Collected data
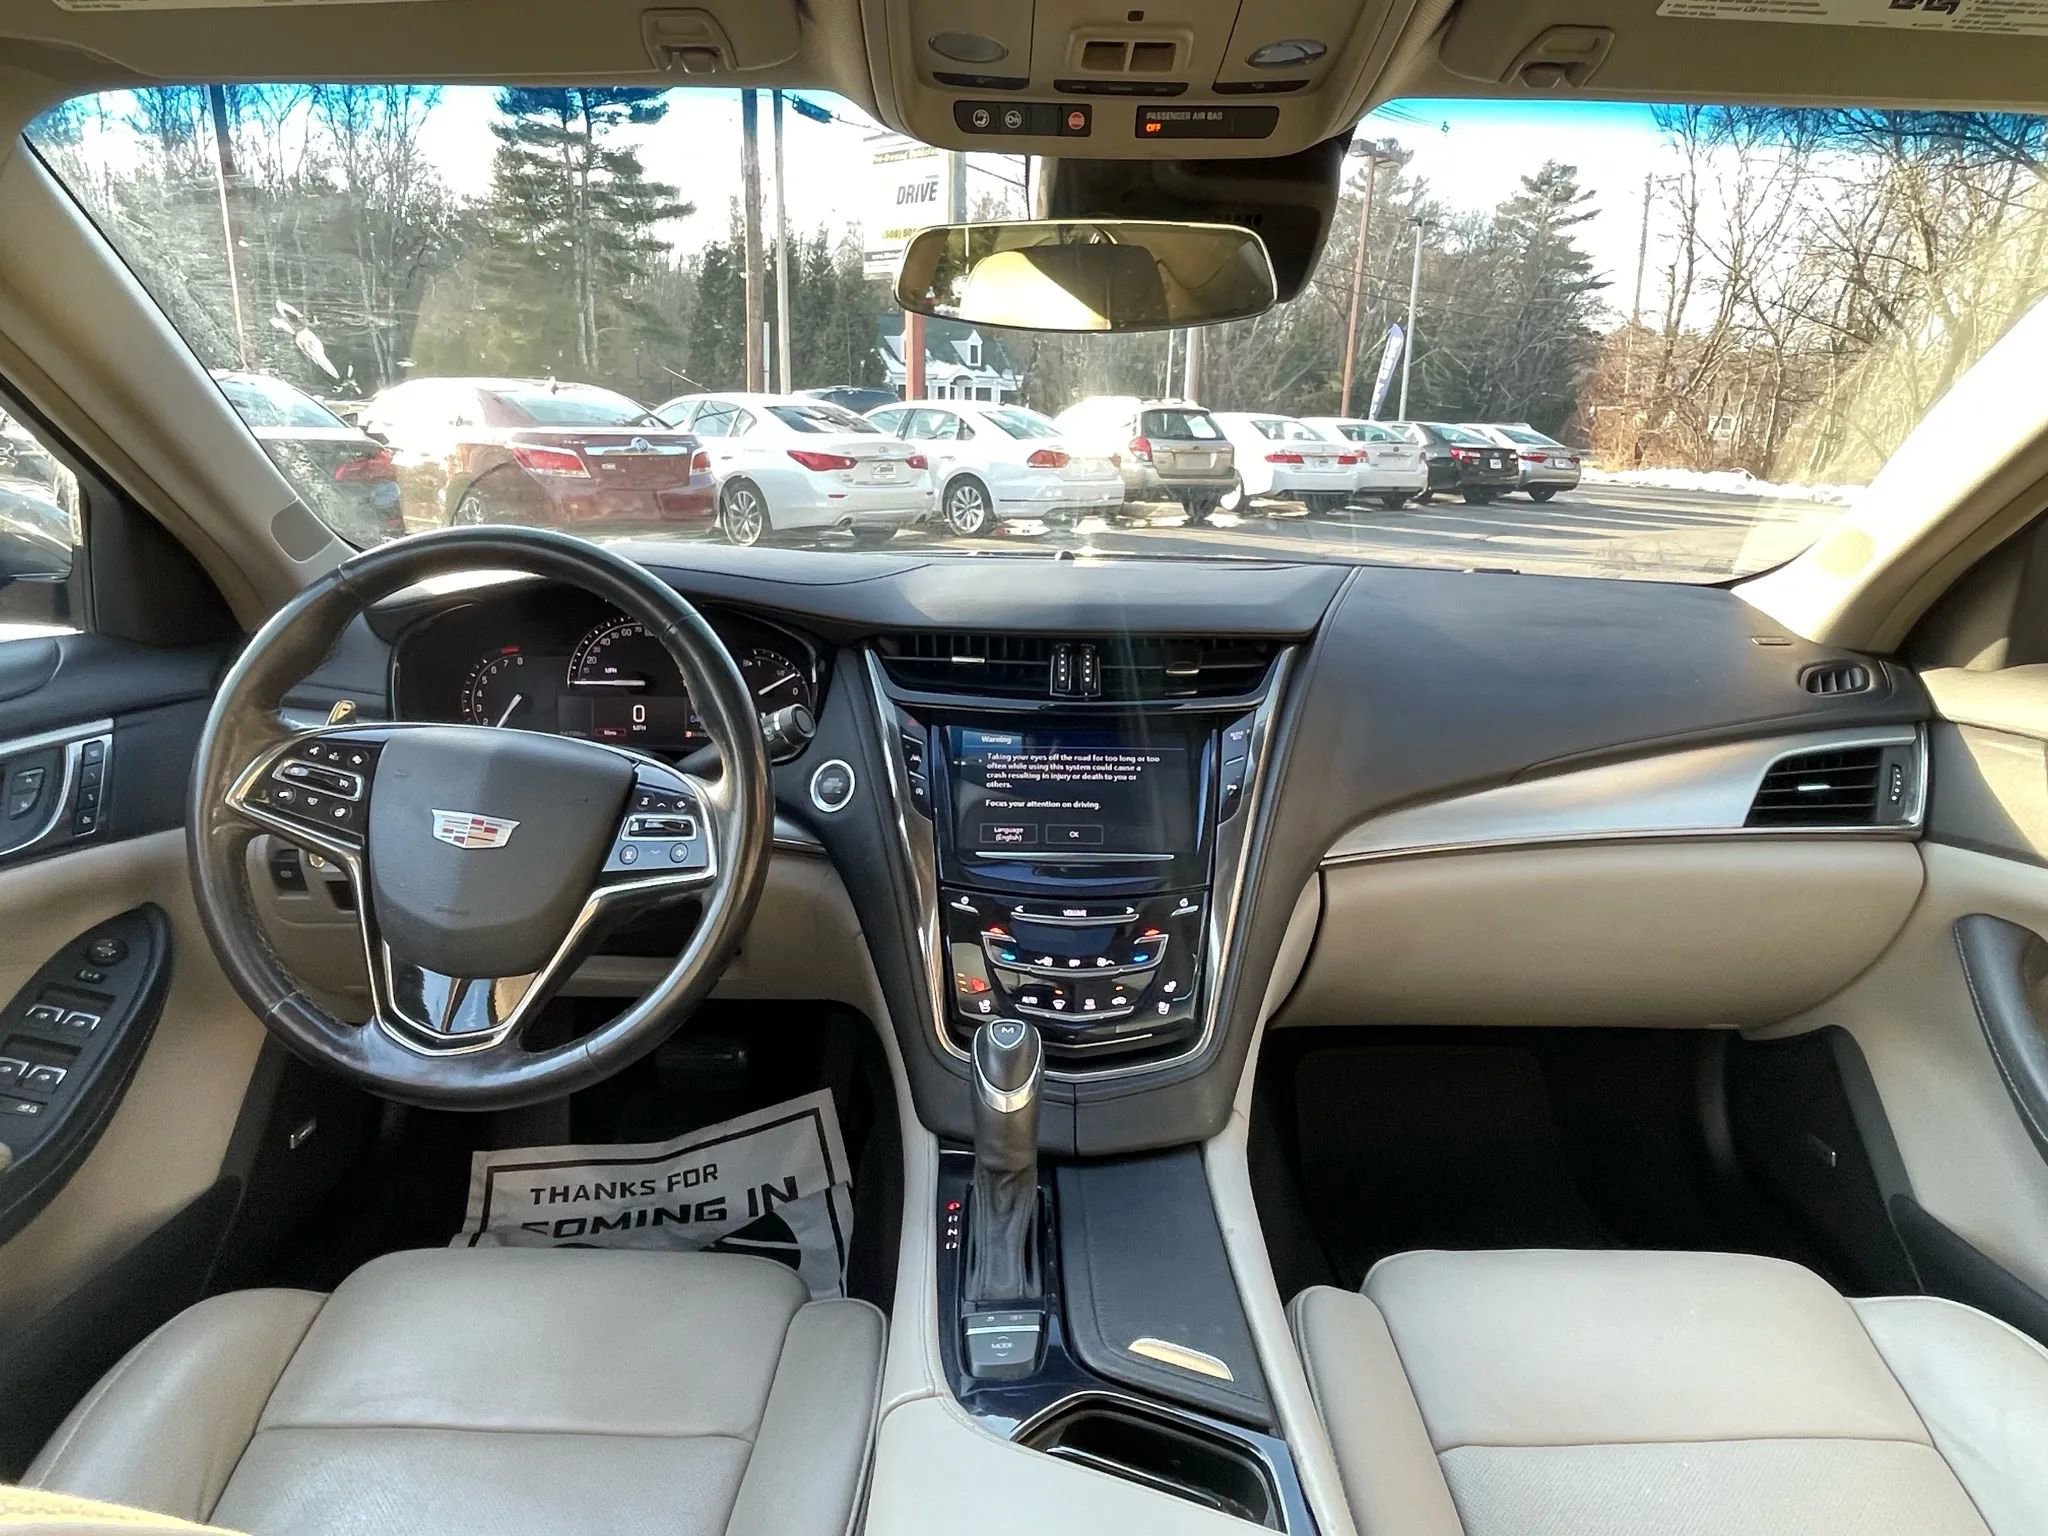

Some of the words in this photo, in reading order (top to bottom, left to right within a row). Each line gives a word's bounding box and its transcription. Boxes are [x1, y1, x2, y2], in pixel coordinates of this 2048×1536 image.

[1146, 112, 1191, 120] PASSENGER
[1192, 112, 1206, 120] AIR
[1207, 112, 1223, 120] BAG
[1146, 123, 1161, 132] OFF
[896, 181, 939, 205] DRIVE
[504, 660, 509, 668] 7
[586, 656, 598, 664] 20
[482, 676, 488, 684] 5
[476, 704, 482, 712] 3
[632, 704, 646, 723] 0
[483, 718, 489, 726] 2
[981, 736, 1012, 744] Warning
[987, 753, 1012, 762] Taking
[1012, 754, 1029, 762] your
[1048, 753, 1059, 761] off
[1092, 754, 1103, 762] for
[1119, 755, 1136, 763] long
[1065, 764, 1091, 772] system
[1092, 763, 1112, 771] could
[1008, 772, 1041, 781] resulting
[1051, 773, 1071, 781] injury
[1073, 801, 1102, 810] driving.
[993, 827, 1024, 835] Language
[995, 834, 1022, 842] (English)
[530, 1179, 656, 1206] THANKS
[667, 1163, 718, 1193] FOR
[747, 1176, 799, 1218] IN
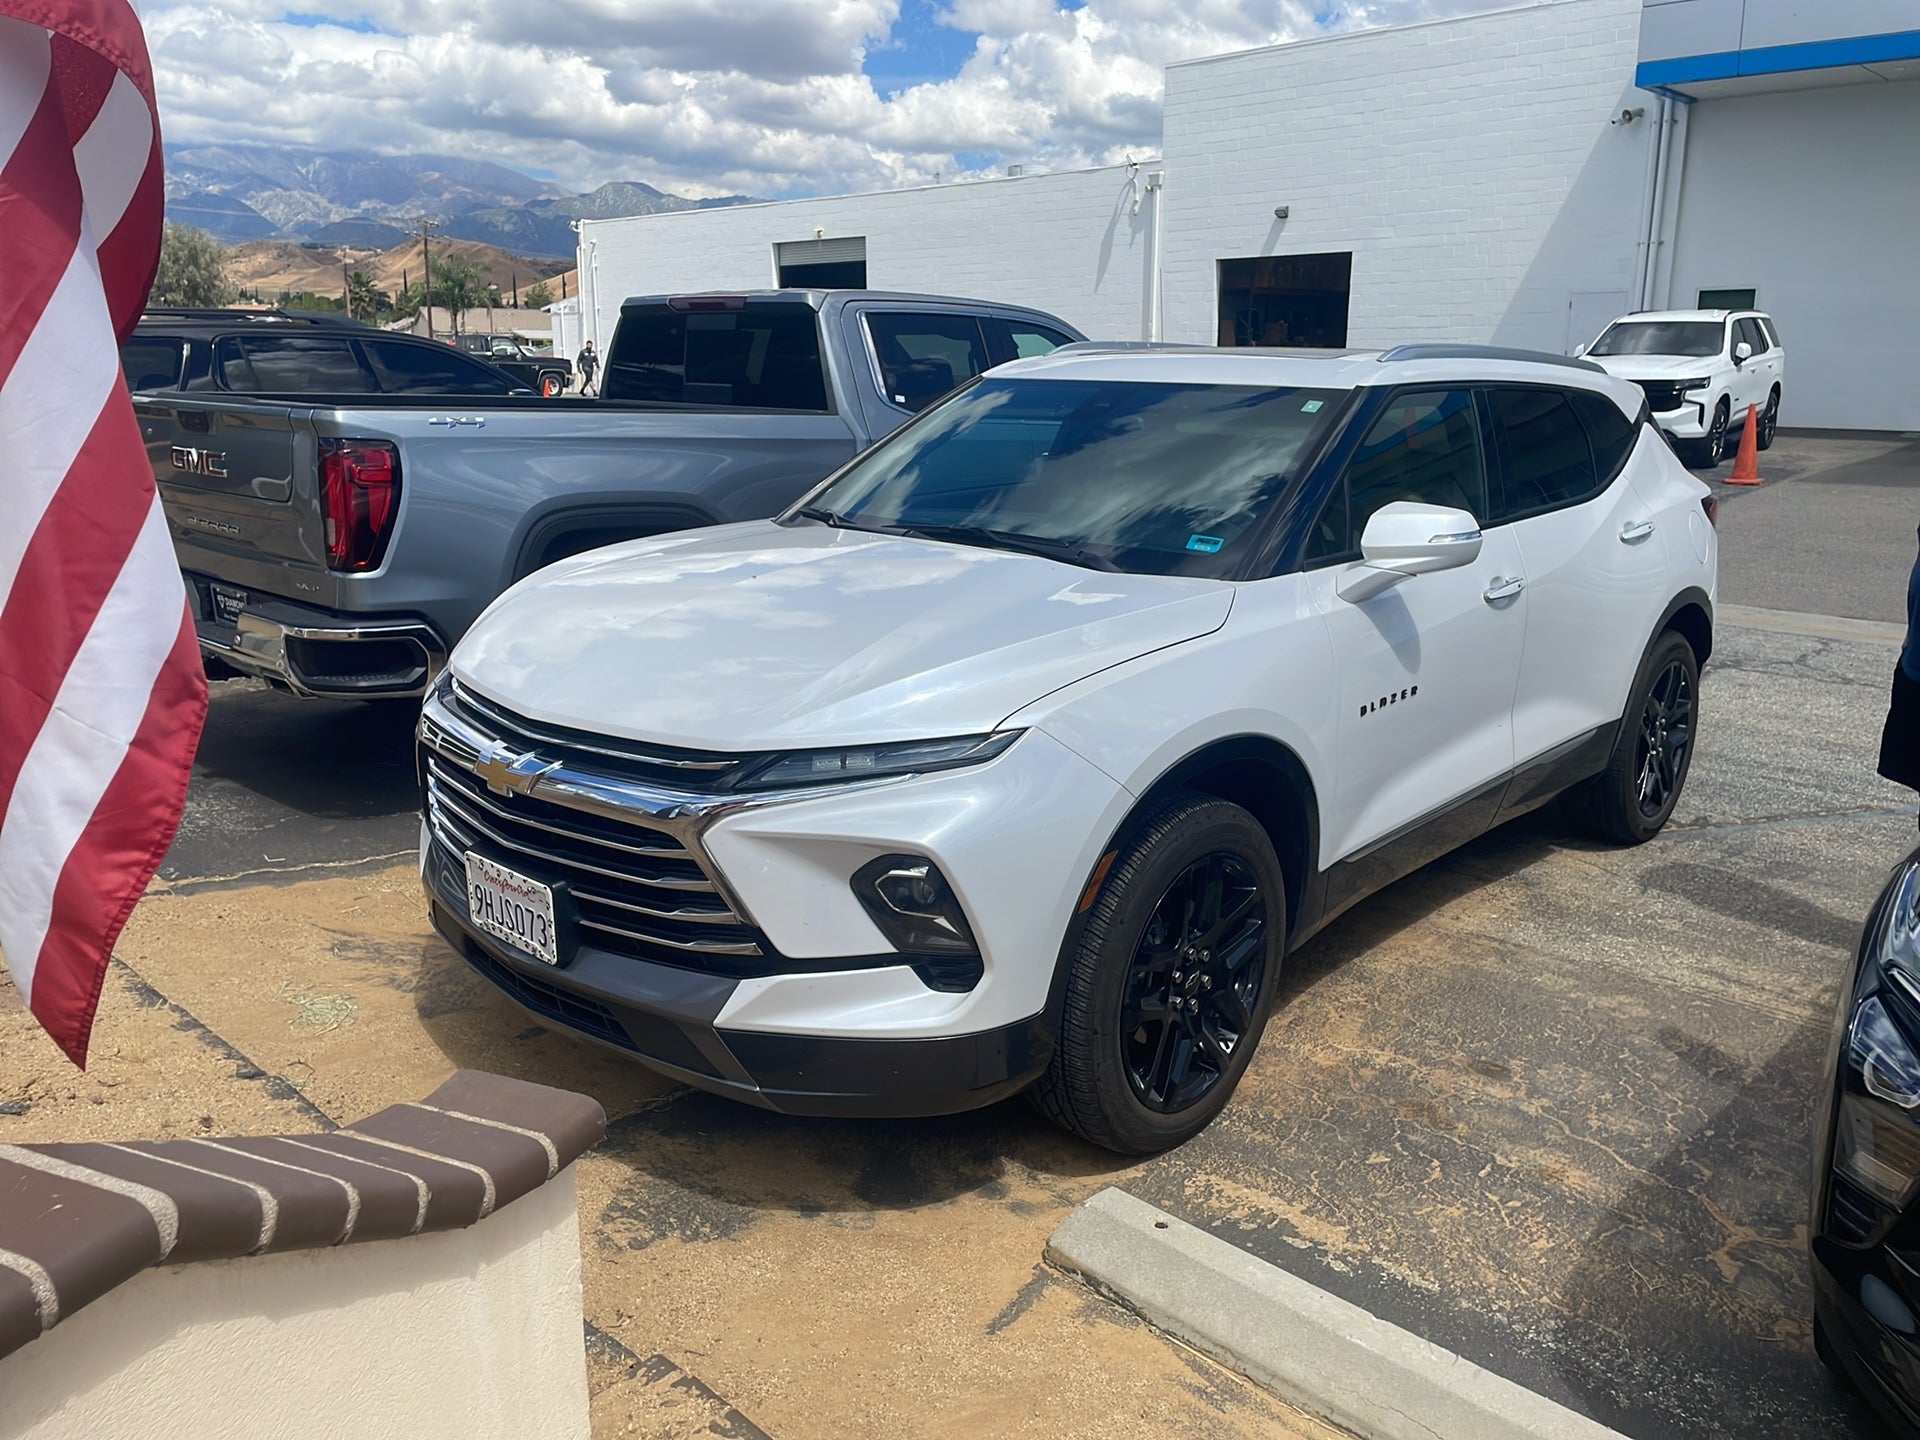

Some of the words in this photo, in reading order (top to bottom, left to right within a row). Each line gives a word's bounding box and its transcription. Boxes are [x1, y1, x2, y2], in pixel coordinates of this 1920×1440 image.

▶ WHAT YOU NEED TO DO
Could you write out the records again exactly, omitting each image?

▶ EXERCISE OUTPUT
Some of the words in this photo, in reading order (top to bottom, left to right within a row). Each line gives a word's bounding box and its transcription. Boxes are [x1, y1, x2, y2], in pixel coordinates of this 2048×1536 image.

[1146, 112, 1191, 120] PASSENGER
[1192, 112, 1206, 120] AIR
[1207, 112, 1223, 120] BAG
[1146, 123, 1161, 132] OFF
[896, 181, 939, 205] DRIVE
[504, 660, 509, 668] 7
[586, 656, 598, 664] 20
[482, 676, 488, 684] 5
[476, 704, 482, 712] 3
[632, 704, 646, 723] 0
[483, 718, 489, 726] 2
[981, 736, 1012, 744] Warning
[987, 753, 1012, 762] Taking
[1012, 754, 1029, 762] your
[1048, 753, 1059, 761] off
[1092, 754, 1103, 762] for
[1119, 755, 1136, 763] long
[1065, 764, 1091, 772] system
[1092, 763, 1112, 771] could
[1008, 772, 1041, 781] resulting
[1051, 773, 1071, 781] injury
[1073, 801, 1102, 810] driving.
[993, 827, 1024, 835] Language
[995, 834, 1022, 842] (English)
[530, 1179, 656, 1206] THANKS
[667, 1163, 718, 1193] FOR
[747, 1176, 799, 1218] IN

Some of the words in this photo, in reading order (top to bottom, left to right within a row). Each line gives a word's bounding box and its transcription. Boxes are [x1, y1, x2, y2], in pixel coordinates of this 1920×1440 image.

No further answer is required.